* DATA EXTRACT *
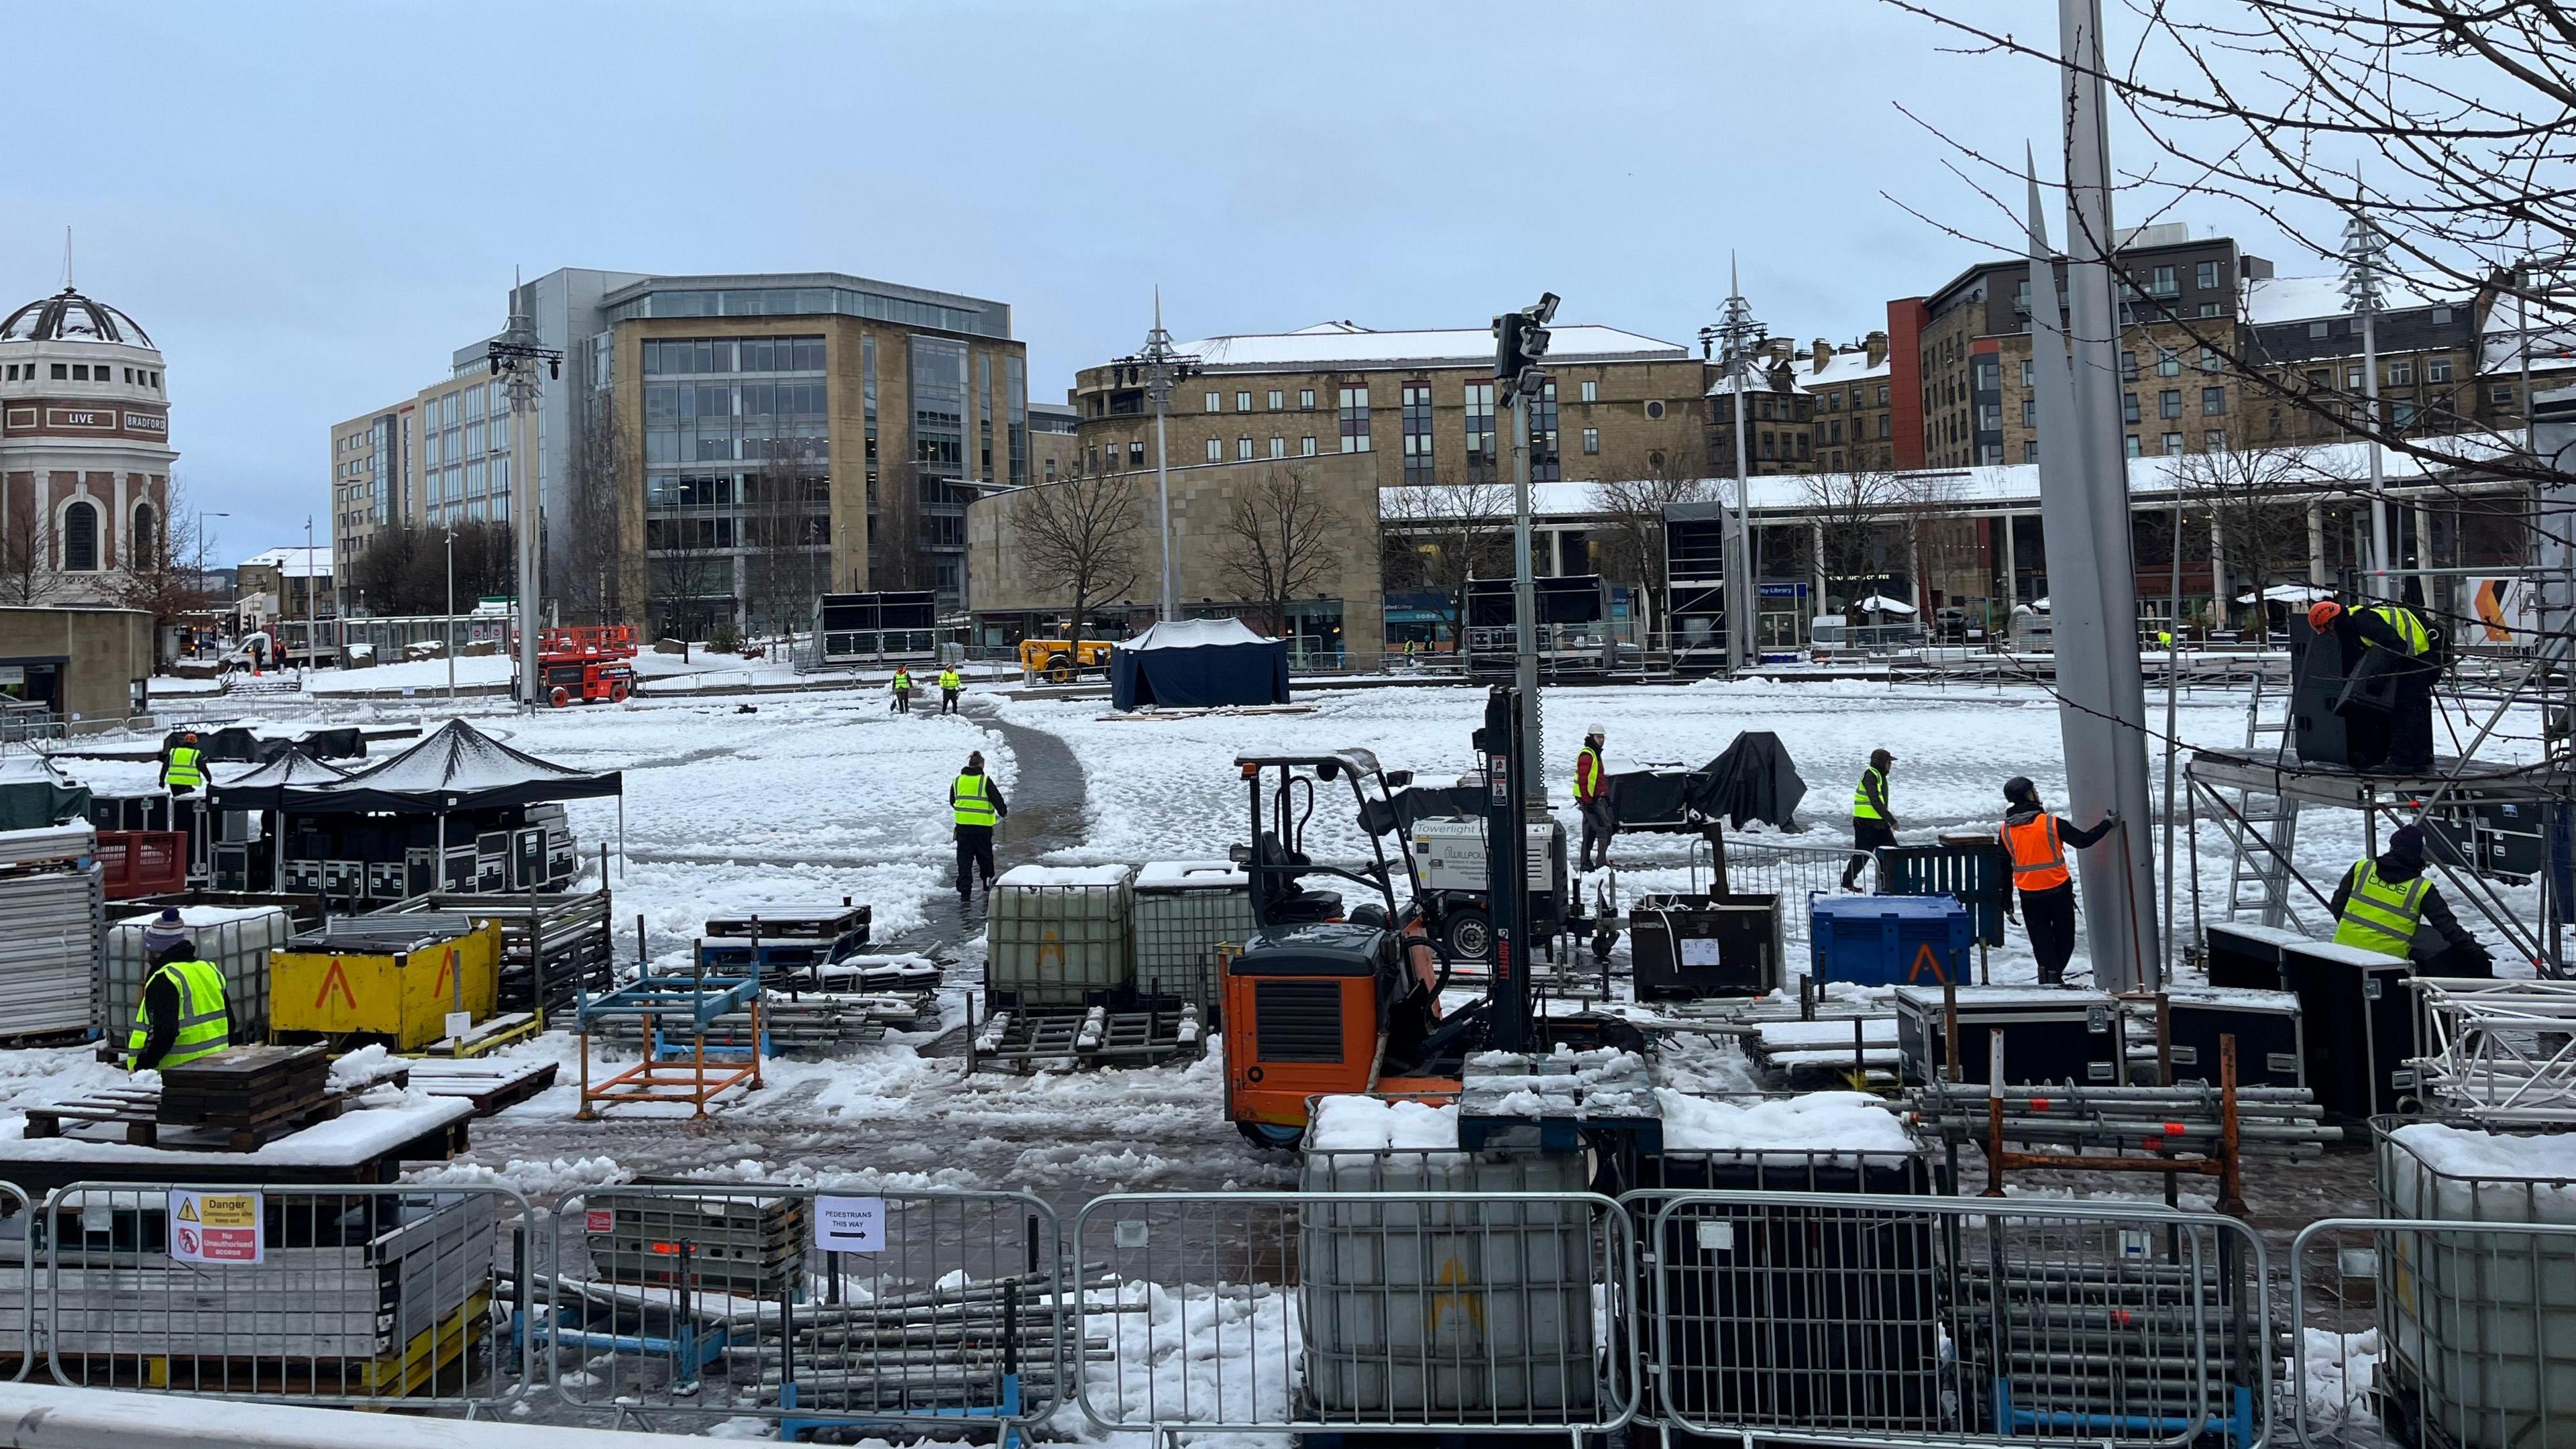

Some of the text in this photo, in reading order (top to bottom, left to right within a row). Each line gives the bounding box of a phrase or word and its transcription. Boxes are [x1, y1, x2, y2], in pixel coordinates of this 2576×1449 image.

[69, 413, 94, 424] LIVE
[127, 416, 165, 429] BRADFORD
[1214, 608, 1245, 618] TO LET
[1417, 824, 1474, 835] Towerlight
[1497, 941, 1510, 981] MOFFETT
[209, 1199, 246, 1211] Danger
[825, 1210, 872, 1218] PEDESTRIANS
[204, 1240, 254, 1248] Unauthorised

* WORK TO COMPLETE *
Could you repeat all of the material exactly? Pictures should not be copied.

* RESULT *
Some of the text in this photo, in reading order (top to bottom, left to right within a row). Each line gives the bounding box of a phrase or word and its transcription. Boxes are [x1, y1, x2, y2], in pixel coordinates of this 2576×1449 image.

[69, 413, 94, 424] LIVE
[127, 416, 165, 429] BRADFORD
[1214, 608, 1245, 618] TO LET
[1417, 824, 1474, 835] Towerlight
[1497, 941, 1510, 981] MOFFETT
[209, 1199, 246, 1211] Danger
[825, 1210, 872, 1218] PEDESTRIANS
[204, 1240, 254, 1248] Unauthorised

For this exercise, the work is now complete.